Melanoma is a type of skin cancer that affects melanocytes, or the cells that produce the skin pigment melanin. The U.S. Centers for Disease Control and Prevention says that the sun’s UVB rays stimulate melanocytes, and more than 90 percent of melanomas are thought to be caused by ultraviolet exposure. Melanoma can exhibit different symptoms depending on the part of the body it is affecting, and may not affect everyone in the same way.
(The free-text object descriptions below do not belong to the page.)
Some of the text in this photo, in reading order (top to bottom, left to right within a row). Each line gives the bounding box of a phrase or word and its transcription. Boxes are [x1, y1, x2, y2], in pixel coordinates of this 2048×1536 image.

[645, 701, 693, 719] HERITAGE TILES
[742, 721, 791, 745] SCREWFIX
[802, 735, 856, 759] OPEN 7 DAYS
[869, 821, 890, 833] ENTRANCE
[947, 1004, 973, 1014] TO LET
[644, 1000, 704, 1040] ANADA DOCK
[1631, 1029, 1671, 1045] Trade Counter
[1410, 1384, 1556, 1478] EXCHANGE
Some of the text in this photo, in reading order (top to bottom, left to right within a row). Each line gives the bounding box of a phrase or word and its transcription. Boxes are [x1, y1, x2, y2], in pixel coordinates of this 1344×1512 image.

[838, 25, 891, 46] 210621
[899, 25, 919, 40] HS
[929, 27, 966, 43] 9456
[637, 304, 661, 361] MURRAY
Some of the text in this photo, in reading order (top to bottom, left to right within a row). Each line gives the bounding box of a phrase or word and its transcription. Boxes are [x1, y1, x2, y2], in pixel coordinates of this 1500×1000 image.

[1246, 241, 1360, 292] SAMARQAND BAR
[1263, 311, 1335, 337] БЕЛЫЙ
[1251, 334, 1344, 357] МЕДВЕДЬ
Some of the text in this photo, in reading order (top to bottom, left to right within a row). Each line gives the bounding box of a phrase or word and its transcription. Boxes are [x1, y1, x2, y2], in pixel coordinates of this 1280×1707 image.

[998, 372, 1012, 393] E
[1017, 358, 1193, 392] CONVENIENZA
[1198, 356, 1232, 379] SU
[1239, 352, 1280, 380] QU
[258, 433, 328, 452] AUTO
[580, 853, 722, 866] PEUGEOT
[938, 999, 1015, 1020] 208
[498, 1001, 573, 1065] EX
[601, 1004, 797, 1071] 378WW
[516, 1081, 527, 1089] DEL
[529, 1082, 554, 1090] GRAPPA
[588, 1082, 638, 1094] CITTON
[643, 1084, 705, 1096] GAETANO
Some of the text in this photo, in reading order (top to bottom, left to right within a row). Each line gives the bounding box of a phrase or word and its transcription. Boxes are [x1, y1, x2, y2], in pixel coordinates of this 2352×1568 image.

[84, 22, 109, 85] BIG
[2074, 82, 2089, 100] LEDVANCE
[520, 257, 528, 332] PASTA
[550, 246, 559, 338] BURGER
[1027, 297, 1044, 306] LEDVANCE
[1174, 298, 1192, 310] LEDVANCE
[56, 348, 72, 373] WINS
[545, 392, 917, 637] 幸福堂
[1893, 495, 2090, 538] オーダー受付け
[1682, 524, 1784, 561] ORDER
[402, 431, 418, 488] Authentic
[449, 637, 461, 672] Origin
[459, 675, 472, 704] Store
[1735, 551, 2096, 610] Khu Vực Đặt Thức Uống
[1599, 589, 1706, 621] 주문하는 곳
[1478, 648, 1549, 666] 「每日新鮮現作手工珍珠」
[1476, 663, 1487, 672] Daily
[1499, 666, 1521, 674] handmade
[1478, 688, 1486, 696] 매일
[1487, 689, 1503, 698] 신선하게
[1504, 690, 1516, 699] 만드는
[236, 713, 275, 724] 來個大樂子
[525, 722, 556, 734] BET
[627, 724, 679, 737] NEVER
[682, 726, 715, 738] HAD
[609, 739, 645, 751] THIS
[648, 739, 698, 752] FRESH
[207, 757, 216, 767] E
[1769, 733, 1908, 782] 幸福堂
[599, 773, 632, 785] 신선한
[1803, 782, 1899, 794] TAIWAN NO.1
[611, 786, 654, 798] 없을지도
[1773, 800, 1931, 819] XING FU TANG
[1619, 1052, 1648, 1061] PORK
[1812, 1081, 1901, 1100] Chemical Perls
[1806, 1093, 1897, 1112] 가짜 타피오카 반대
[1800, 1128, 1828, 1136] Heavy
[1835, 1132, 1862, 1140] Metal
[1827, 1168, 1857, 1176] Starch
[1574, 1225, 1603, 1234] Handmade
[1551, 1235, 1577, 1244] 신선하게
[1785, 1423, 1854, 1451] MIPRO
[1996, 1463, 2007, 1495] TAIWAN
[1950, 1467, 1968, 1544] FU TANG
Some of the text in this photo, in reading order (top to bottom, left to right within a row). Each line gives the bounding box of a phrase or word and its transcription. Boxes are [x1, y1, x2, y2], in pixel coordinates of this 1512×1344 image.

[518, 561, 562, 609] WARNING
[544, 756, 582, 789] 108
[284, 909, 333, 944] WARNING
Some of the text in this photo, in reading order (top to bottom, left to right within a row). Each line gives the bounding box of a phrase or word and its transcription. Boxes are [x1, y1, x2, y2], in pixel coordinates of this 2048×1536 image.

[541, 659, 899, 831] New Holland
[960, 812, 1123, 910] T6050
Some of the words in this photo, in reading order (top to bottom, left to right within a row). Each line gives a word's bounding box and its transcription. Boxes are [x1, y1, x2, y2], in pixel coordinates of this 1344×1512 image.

The following are some of the signs and symptoms of melanoma.
- A new spot on the skin that changes in shape, size or color.
- A spot or mole that looks different from the other moles or spots on the skin (known as the ugly duckling sign).
- A sore that doesn’t heal.
- Spreading of pigment from the border of a spot into the surrounding skin.
- Changes in sensation in the skin, such as itchiness, tenderness or pain.
- Changes in the surface of a mole, whether bleeding, oozing or scaliness.
- A dark line beneath the nail bed.
- The presence of hard or swollen lymph nodes.
- A hard lump on the skin.
- Unexplained pain, weight loss, or fatigue.
- Ocular melanoma, or melanoma that occurs in the eye, may be difficult to see without a professional eye exam. Enlarged blood vessels in the eye could indicate the presence of a tumor.
Any symptoms, however benign they may seem, should be brought to the attention of a doctor who can determine if melanoma is present. The Melanoma Research Alliance says there is now a 98 percent five-year survival rate for stage 0, I, and II localized melanoma.